Seminaries for the early training of future clergymen may indeed be established; but beds of exotics cannot be raised by keeping the gardeners in greenhouses while the young plants are in the open air.

     It is becoming impossible for those who mix at all with their
     fellow-men to believe that the grace of God is distributed
     denominationally.

     Like other idealisms, patriotism varies from a noble devotion to a
     moral lunacy.

     Our clergy are positively tumbling over each other in their
     eagerness to be appointed court-chaplain to King Demos.

     A generation which travels sixty miles an hour must be five times
     as civilised as one which only travels twelve.

     It is not certain that there has been much change in our
     intellectual and moral adornments since pithecanthropus dropped the
     first half of his name.

     I cannot help hoping that the human race, having taken in
     succession every path except the right one, may pay more attention
     to the narrow way that leadeth unto life.

     It is useless for the sheep to pass resolutions in favour of
     vegetarianism, while the wolf remains of a different opinion.

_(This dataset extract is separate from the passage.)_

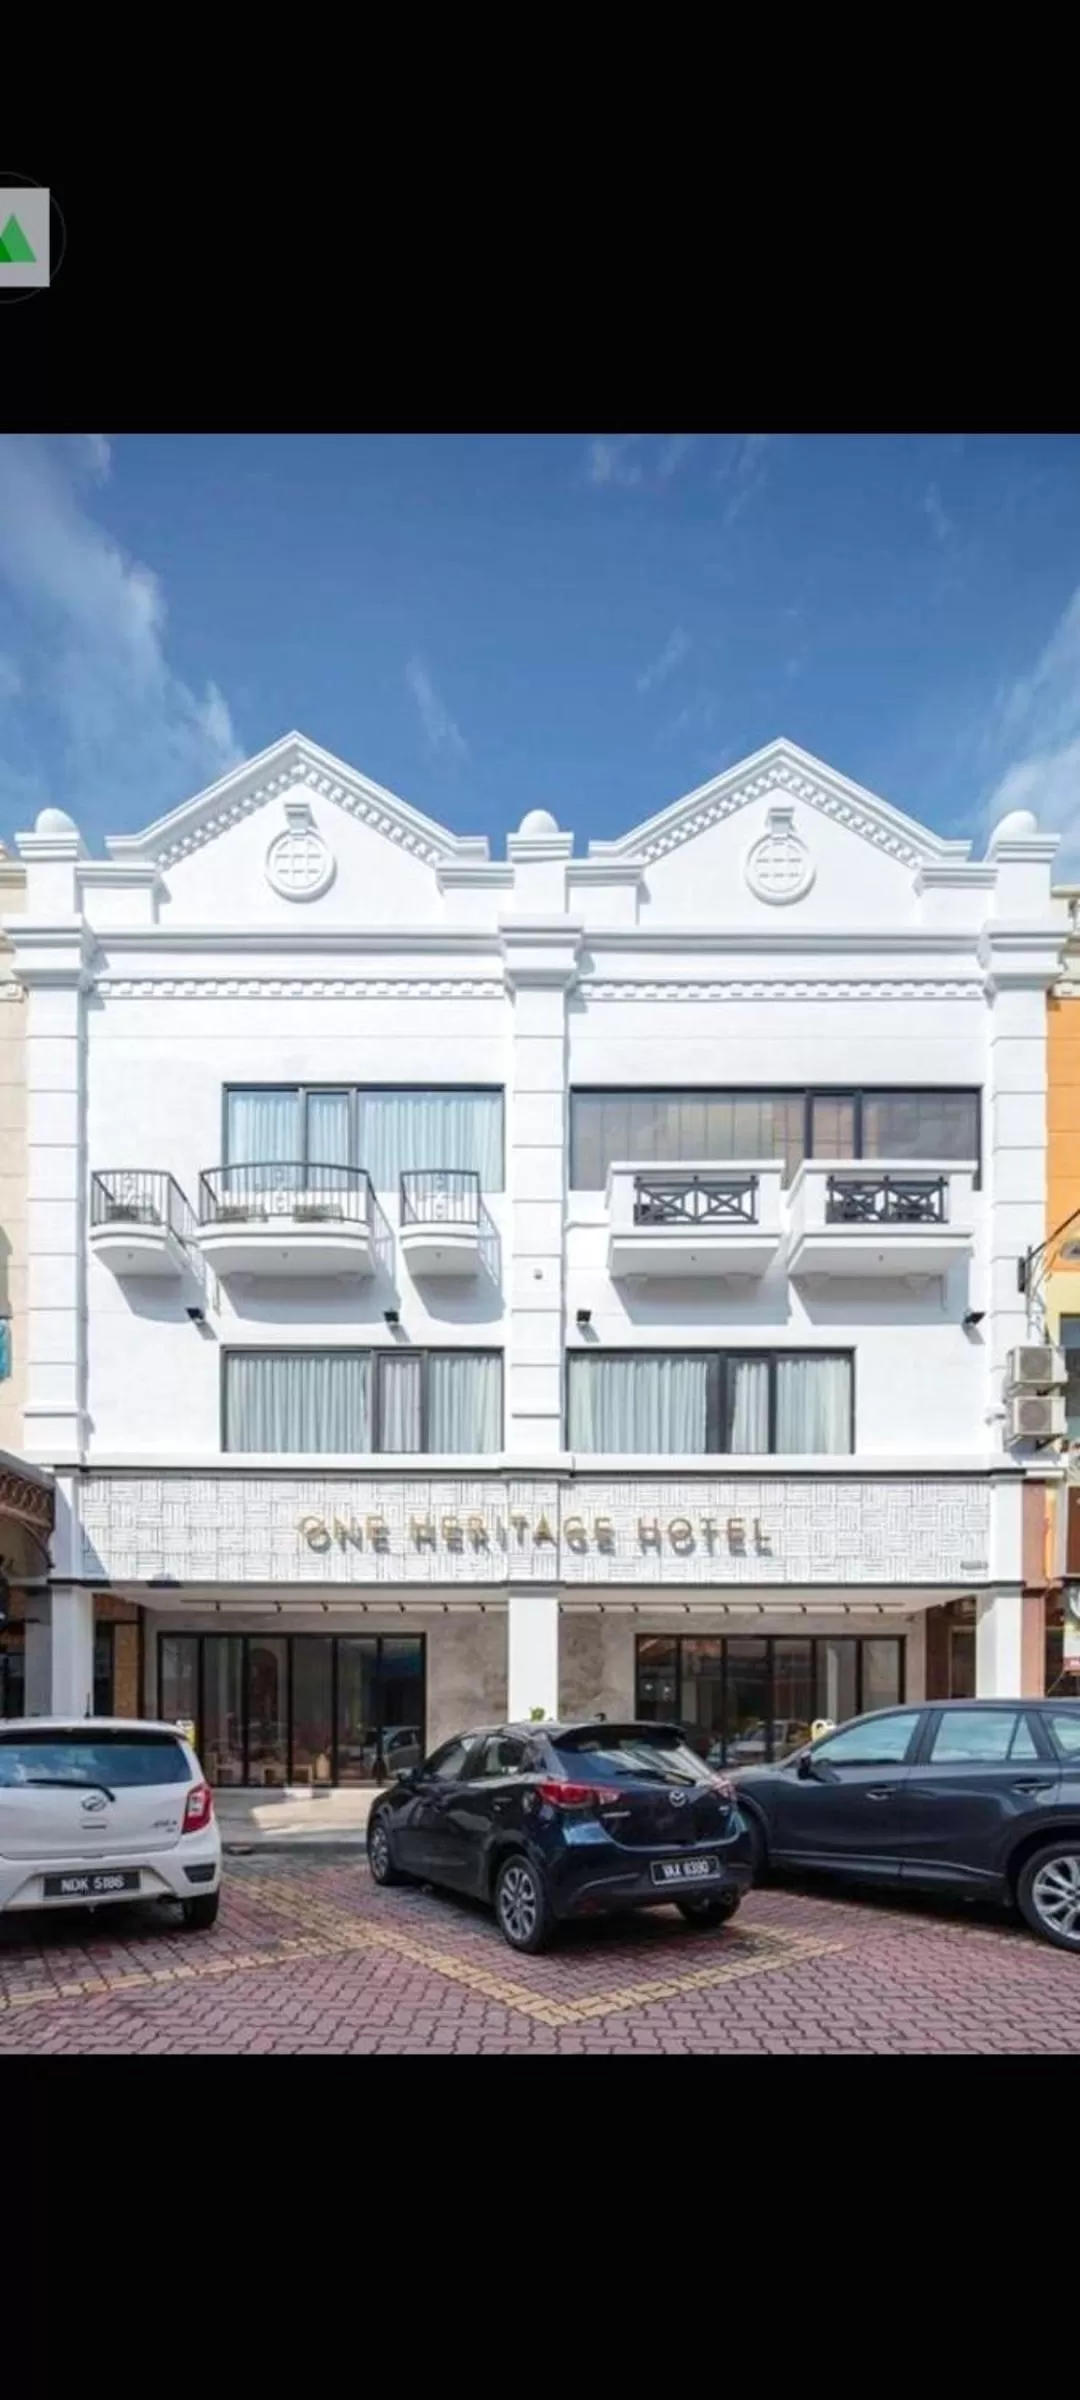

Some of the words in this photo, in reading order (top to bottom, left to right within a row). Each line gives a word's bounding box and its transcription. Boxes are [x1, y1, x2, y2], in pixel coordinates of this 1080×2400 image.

[297, 1514, 388, 1551] ONE
[408, 1514, 615, 1552] HERITAGE
[637, 1516, 772, 1553] HOTEL

     After the second century, the apologists for the priesthood are in
     smooth waters.

     Not everyone can warm both hands before the fire of life without
     scorching himself in the process.

It is quite as easy to hypnotise oneself into imbecility by repeating in solemn tones, “Progress, Democracy, Corporate Unity,” as by the blessed word Mesopotamia, or, like the Indians, by repeating the mystic word “Om” five hundred times in succession.

     I have lived long enough to hear the Zeitgeist invoked to bless
     very different theories.

     . . . as if it were a kind of impiety not to float with the stream, a
     feat which any dead dog can accomplish. . . .

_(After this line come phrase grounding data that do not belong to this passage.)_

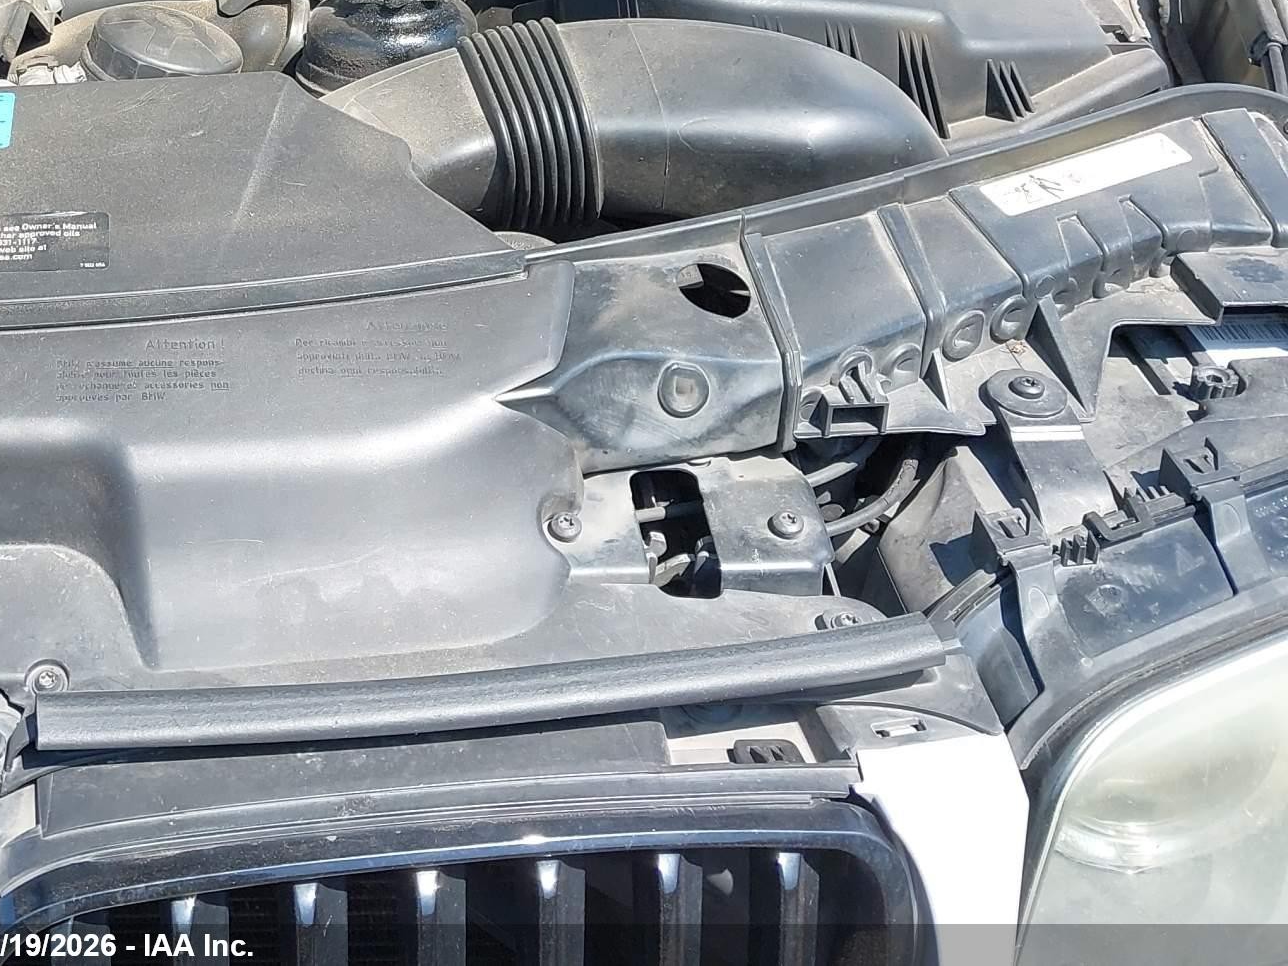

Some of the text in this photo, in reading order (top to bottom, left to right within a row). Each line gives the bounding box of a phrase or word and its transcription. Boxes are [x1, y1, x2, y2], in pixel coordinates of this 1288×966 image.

[22, 223, 59, 231] Owner's
[63, 222, 97, 230] Manual
[18, 230, 61, 240] approved
[63, 229, 80, 237] oils
[145, 338, 215, 351] Attention
[138, 359, 174, 369] aucune
[163, 369, 179, 379] les
[184, 368, 217, 380] pièces
[115, 392, 132, 403] par

     An appendix is as superfluous at the end of the human caecum as at
     the end of a volume of light literature.

     The “traditions of the first six centuries” are the traditions of
     the rattle and the feeding bottle.

In speaking to me last year of the crowded waiting-lists of the Public Schools, he said:  “It is no longer enough to put down the name of one’s son on the day he is born, one must write well ahead of that:  ’I am expecting to have a son next year, or the year after, and shall be obliged if—­’ The congestion is very great, in spite of the increasing fees and the supertax.”

Much of his journalism, by the way, has the education of his children for its excuse and its consecration—­children to whom the Dean of St. Paul’s reveals in their nursery a side of his character wholly and beautifully different from the popular legend.